## Assignment
Output every entry below word for word, minus the images.

**** Supplied data

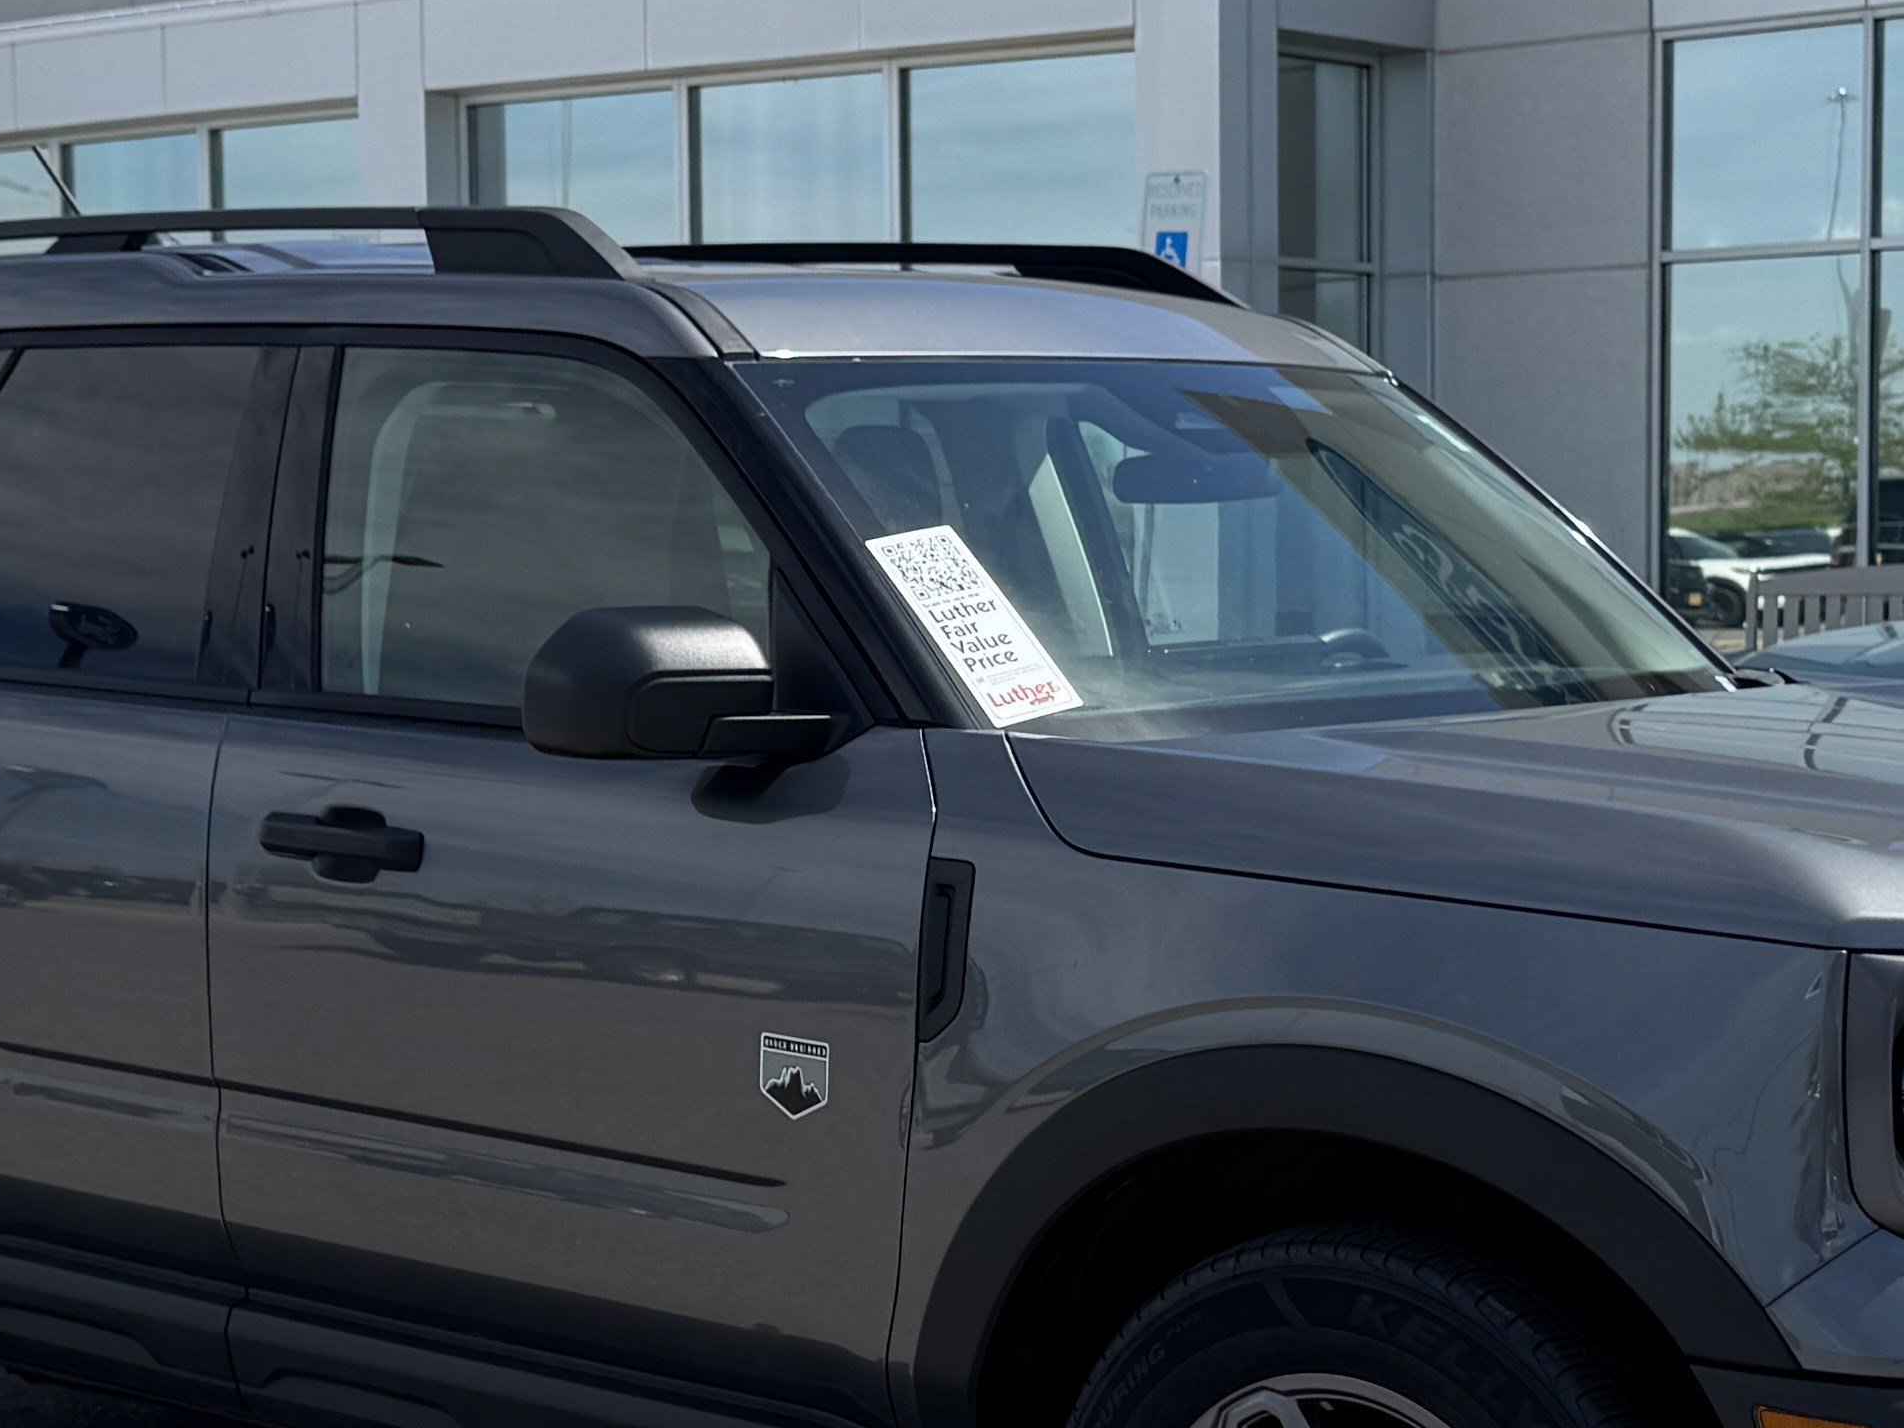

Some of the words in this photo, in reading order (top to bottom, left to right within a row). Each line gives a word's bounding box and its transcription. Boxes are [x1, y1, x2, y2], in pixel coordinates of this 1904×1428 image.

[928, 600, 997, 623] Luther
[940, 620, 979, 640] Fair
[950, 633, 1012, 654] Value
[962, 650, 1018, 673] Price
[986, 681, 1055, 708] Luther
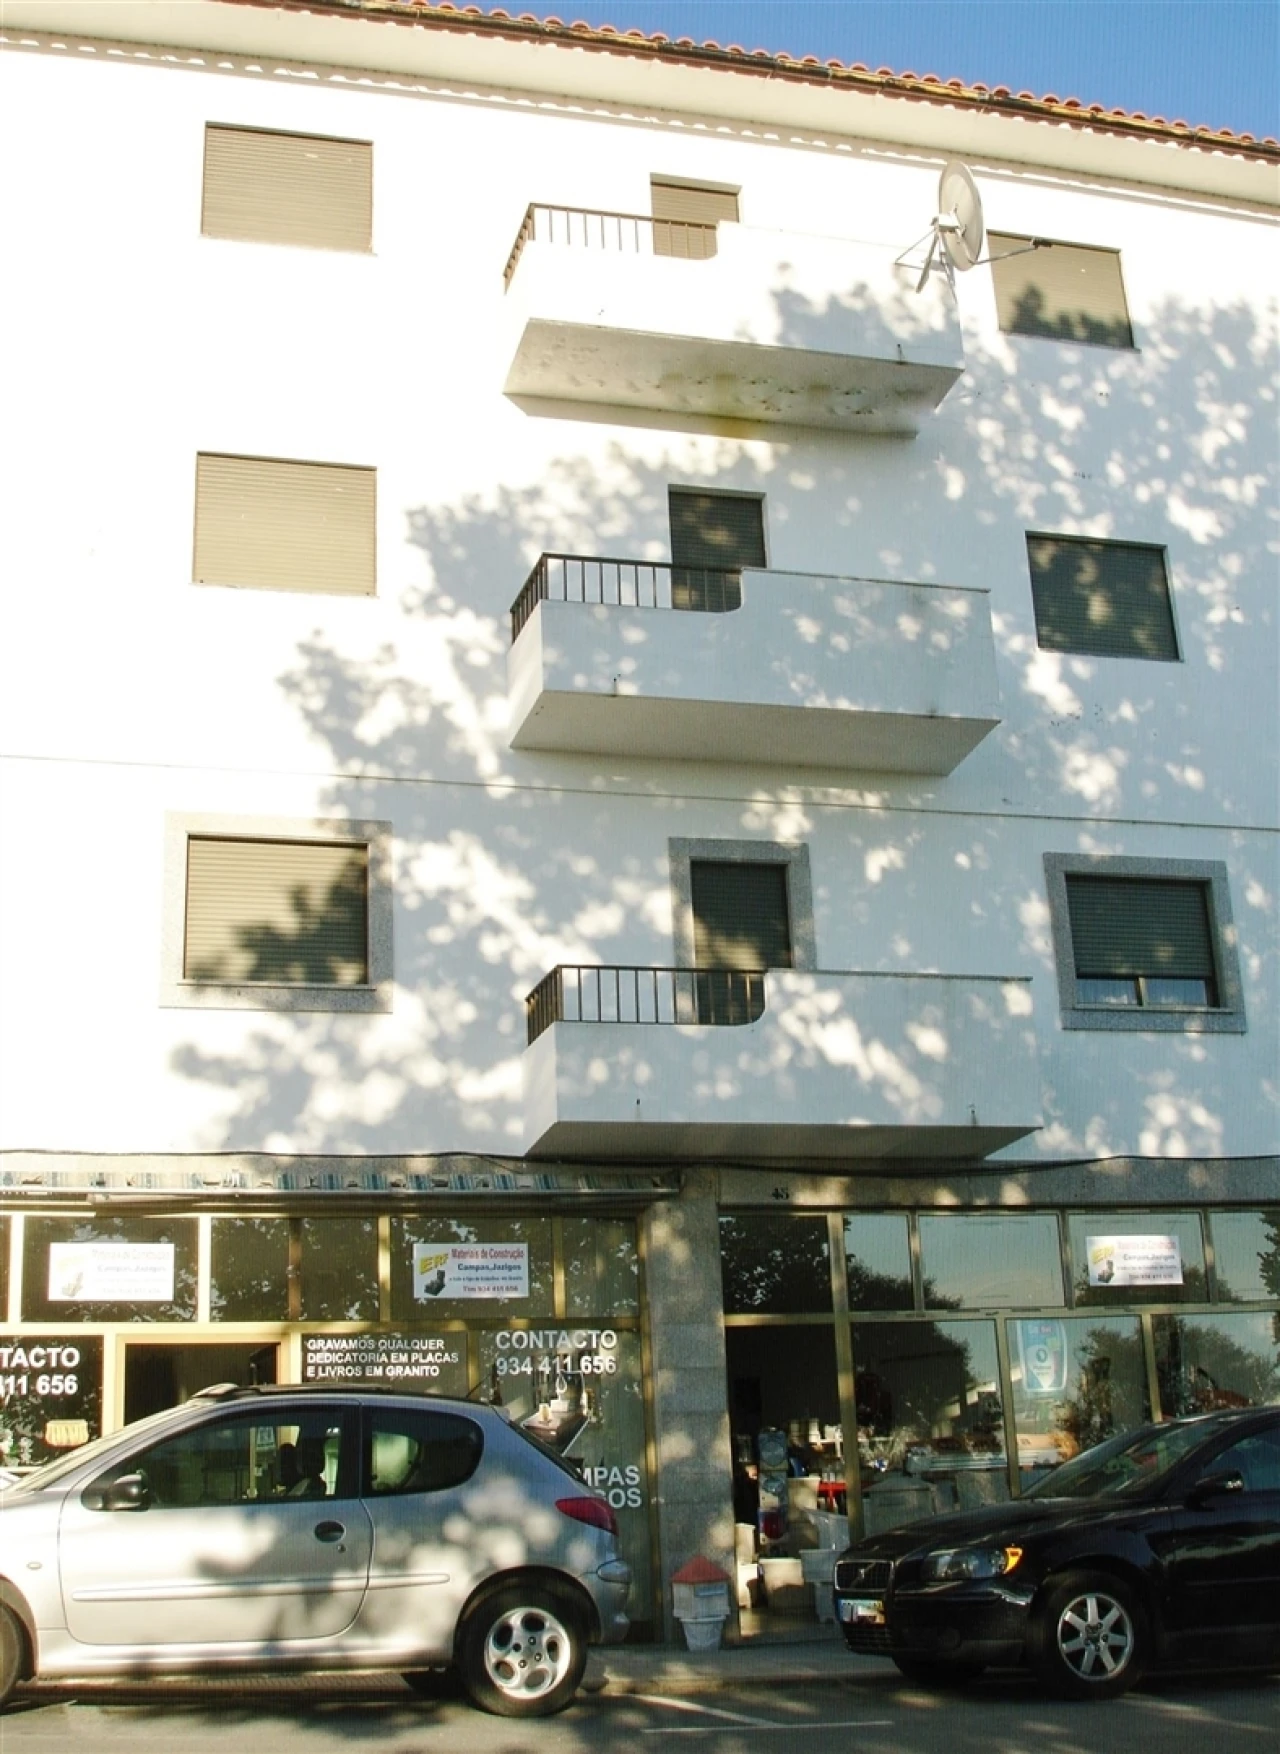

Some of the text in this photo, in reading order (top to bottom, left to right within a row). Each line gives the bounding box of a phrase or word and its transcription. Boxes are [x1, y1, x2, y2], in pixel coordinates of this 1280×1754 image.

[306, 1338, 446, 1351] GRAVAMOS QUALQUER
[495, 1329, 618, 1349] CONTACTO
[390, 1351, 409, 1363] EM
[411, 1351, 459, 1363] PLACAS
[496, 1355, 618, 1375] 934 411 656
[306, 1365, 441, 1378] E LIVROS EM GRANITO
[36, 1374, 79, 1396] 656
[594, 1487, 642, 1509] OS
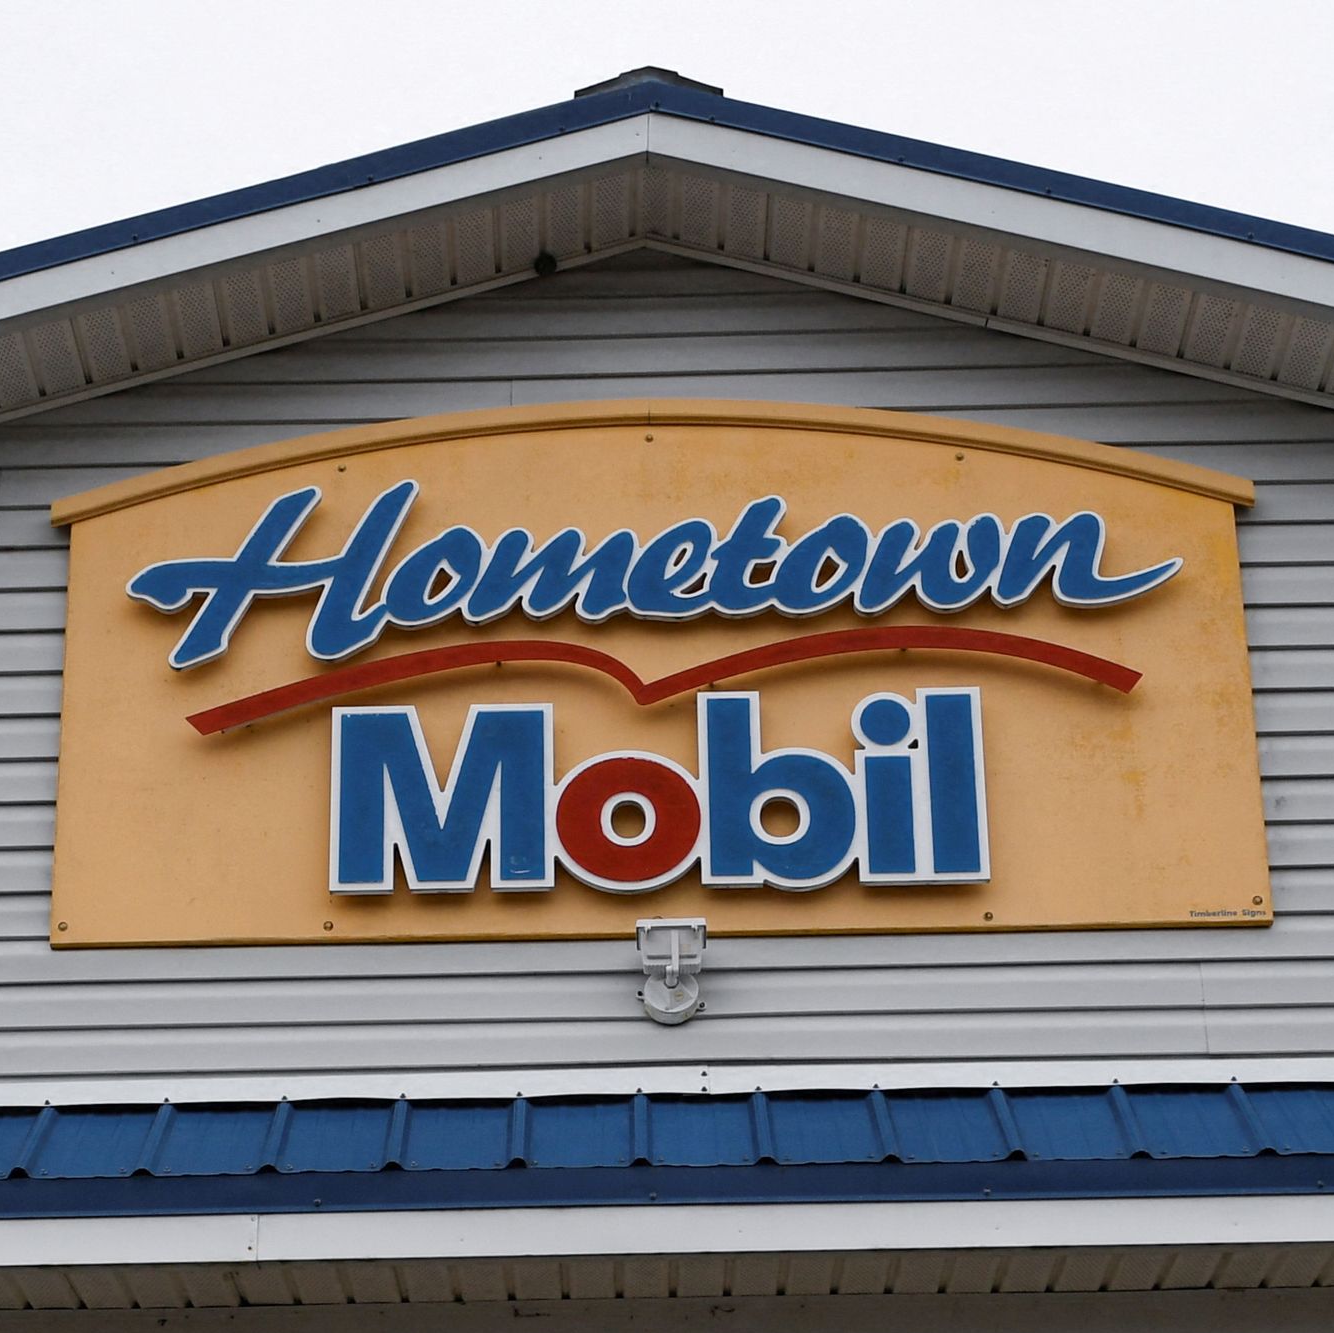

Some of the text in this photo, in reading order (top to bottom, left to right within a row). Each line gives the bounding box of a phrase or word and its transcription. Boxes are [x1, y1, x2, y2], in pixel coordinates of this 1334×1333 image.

********

## Response below
Some of the words in this photo, in reading order (top to bottom, left to right within a row). Each line gives a word's bounding box and its transcription. Boxes are [x1, y1, x2, y2], in pixel coordinates of this 1904×1428 image.

[928, 600, 997, 623] Luther
[940, 620, 979, 640] Fair
[950, 633, 1012, 654] Value
[962, 650, 1018, 673] Price
[986, 681, 1055, 708] Luther

Some of the text in this photo, in reading order (top to bottom, left to right within a row). Each line gives the bounding box of a phrase or word and its transcription. Boxes are [x1, y1, x2, y2], in pixel coordinates of this 1280×1754 image.

[306, 1338, 446, 1351] GRAVAMOS QUALQUER
[495, 1329, 618, 1349] CONTACTO
[390, 1351, 409, 1363] EM
[411, 1351, 459, 1363] PLACAS
[496, 1355, 618, 1375] 934 411 656
[306, 1365, 441, 1378] E LIVROS EM GRANITO
[36, 1374, 79, 1396] 656
[594, 1487, 642, 1509] OS

Some of the text in this photo, in reading order (top to bottom, left to right within a row). Each line gives the bounding box of a phrase or word and its transcription. Boxes are [x1, y1, x2, y2], in pixel coordinates of this 1334×1333 image.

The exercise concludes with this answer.